Aux Ateliers Berthier, Célie Pauthe met en scène le roman de Christine Angot, Un amour impossible

De sa plume acérée, Christine Angot plonge dans ses douloureux souvenirs de fille, de femme, creusant jusqu’à la moelle, jusqu’à l’os son âme, son être, afin de se libérer des démons qui entachent sa singulière relation filiale. Donnant vie à ce texte sombre, clinique, Célie Pauthe signe un spectacle froid qui nous laisse étrangement en retrait malgré un duo épatant de comédiennes. Surprenant !

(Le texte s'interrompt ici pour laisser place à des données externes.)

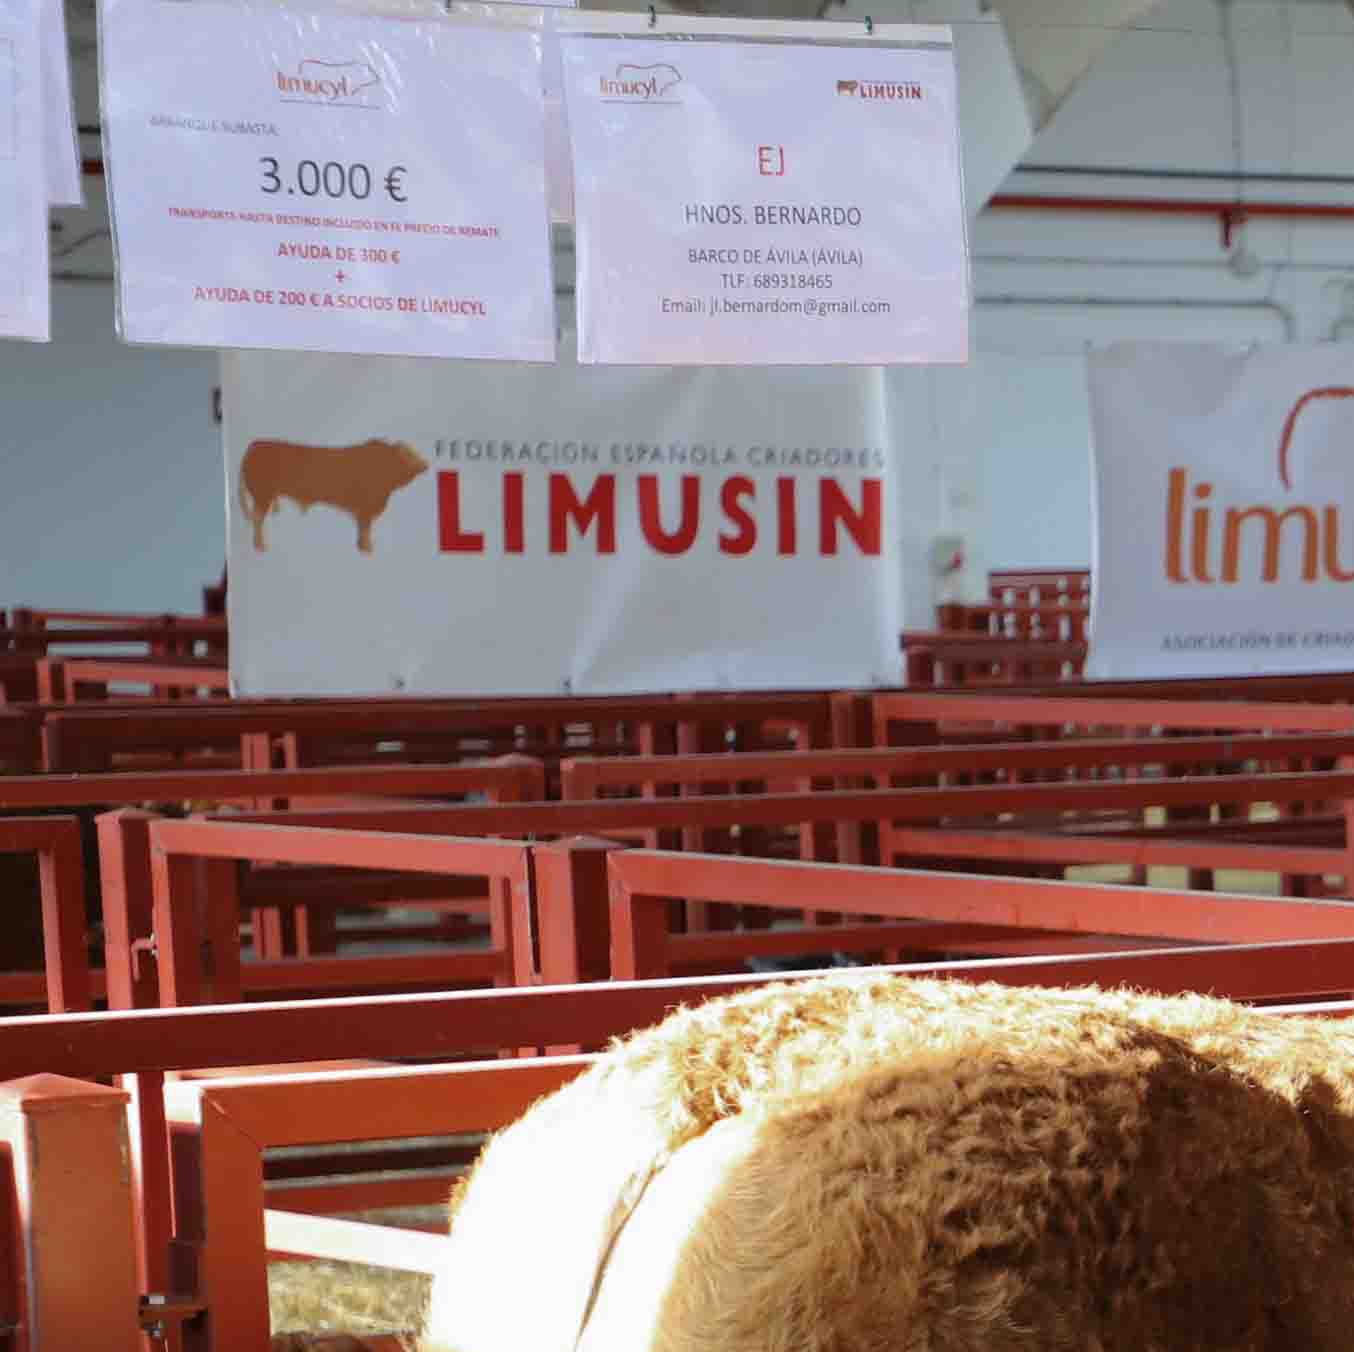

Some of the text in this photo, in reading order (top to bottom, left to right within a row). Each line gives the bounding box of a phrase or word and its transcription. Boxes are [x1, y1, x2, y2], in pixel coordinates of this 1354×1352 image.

Sur une scène nue aux tons gris foncés, éclairée d’une lumière sépulcrale, deux femmes en imper sombre déambulent dans un lieu indistinct, improbable. Elles se jaugent du regard, se jugent. Après un long silence, elle s’abordent, se parlent. L’une, Christine (lunaire Maria de Medeiros), est la fille, et l’autre la mère, Rachel (fascinante Bulle Ogier). Entre elles, le climat est tendu, électrique, délétère. Les mots échangés sont froids, dénués de toutes émotions. C’est pourtant un moment bouleversant, le père de la jeune femme vient de décéder. Étrangement, le temps semble être suspendu, les sentiments absents. Pourtant, cette mort, loin de rapprocher les deux femmes, les garde à distance, réveillant des blessures anciennes.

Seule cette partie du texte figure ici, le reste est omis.